Aim
In the present study, healthy subjects were screened for the presence of TEM cells and their cytokines. CCR7 negative effector TEMs may indicate persistent infection with C. pneumoniae.
Background
Chlamydia pneumoniae causes respiratory infection in adults and children. Previous studies in our laboratory identified significantly higher in vitro T lymphocyte responses to C. pneumoniae in children with asthma compared to healthy controls which may indicate the presence of T effector memory (TEM) lymphocytes.
Conclusion
C. pneumoniae-induced PBMC IFN-gamma+ responses increased numbers of CD4+ IL-2+ and CD4+IL-4+ TEM cells, while CD8+IL-2+ and CD8+IL-4+ TEMs decreased. Production of IFN-gamma by C. pneumoniae infected PBMC should be further studied as a biomarker of persistent infection in humans.
Methods
Peripheral blood mononuclear cells (PBMC) (1×106/mL) from adult non-asthmatic subjects were infected for 1h ± C. pneumoniae TW-183 at a multiplicity of infection (MOI) = 0.1 and cultured (48 hrs). Distributions of lymphocytes (CD4+, CD8+) and TEM cells (CD4+CCR7+CD45RA+CD154+, CD8+CCR7+CD45RA+CD154+) were determined.

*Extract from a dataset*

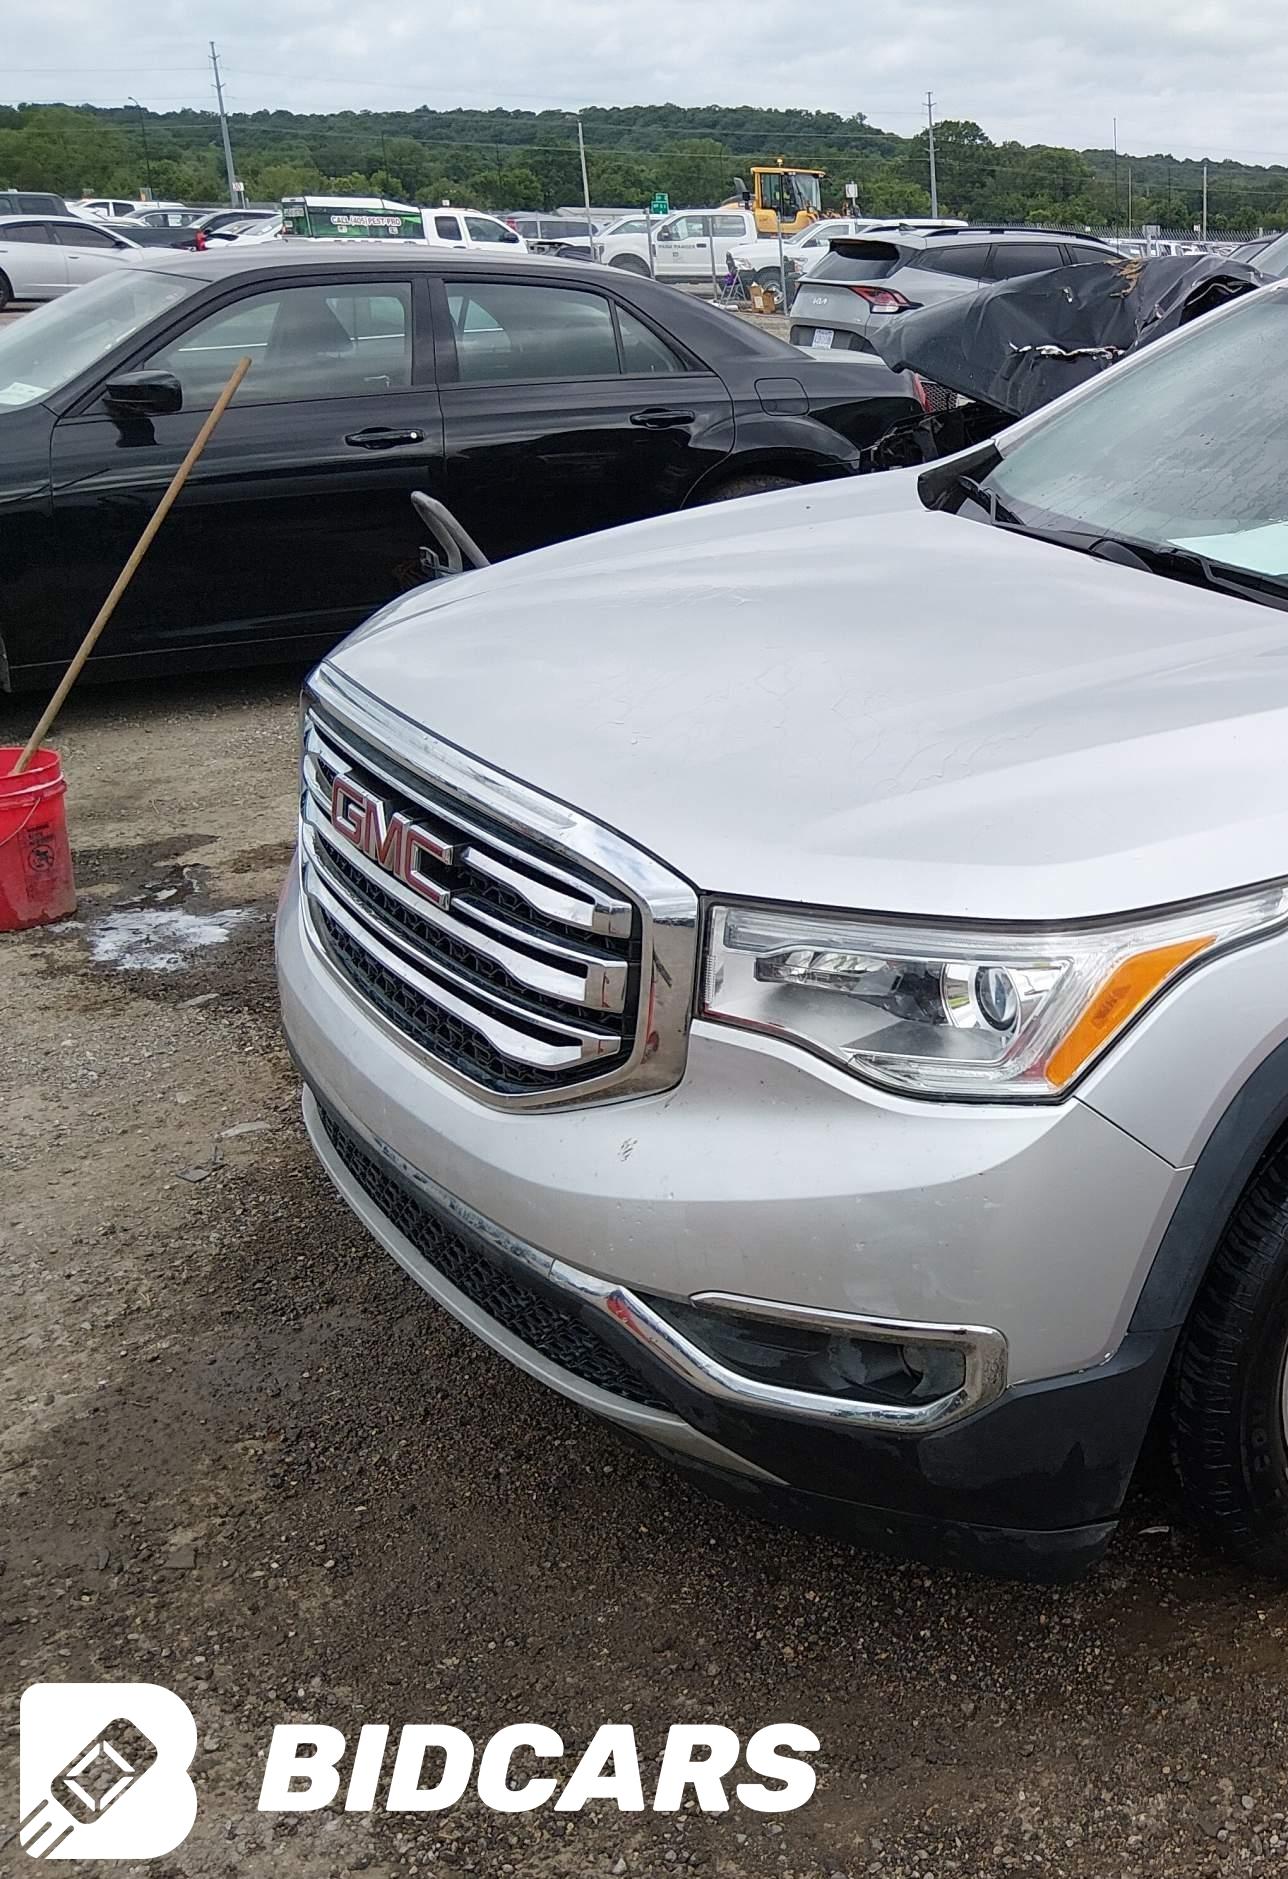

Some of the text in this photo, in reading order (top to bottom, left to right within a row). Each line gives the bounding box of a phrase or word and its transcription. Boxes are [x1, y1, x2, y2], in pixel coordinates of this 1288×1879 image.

Levels of intracellular interleukin (IL)-2, IL-4, and interferon (IFN)-gamma were measured (flow microfluorimetry); IFN-gamma was measured in supernatants (ELISA).
Results
C. pneumoniae infection led to a decrease in numbers of CD8+ TEM and CD8+CD154+ cells; CD4+TEM and CD4+CD154+ cells did not change. Numbers of TEM cells (CD4+IL-2+, CD8+ IL-2+) also decreased. However, number of TEM cells (CD4+IL4-+, CD8+ IL-4+) and (CD4+ IFN-gamma+, CD8+IFN-gamma+) did not change. When stratified according to IFN-gamma+ status, numbers of CD4+ IL-2+ and CD4+IL-4+ TEMs increased; CD8+IL-2+ and CD8+ IL-4+ TEMs decreased.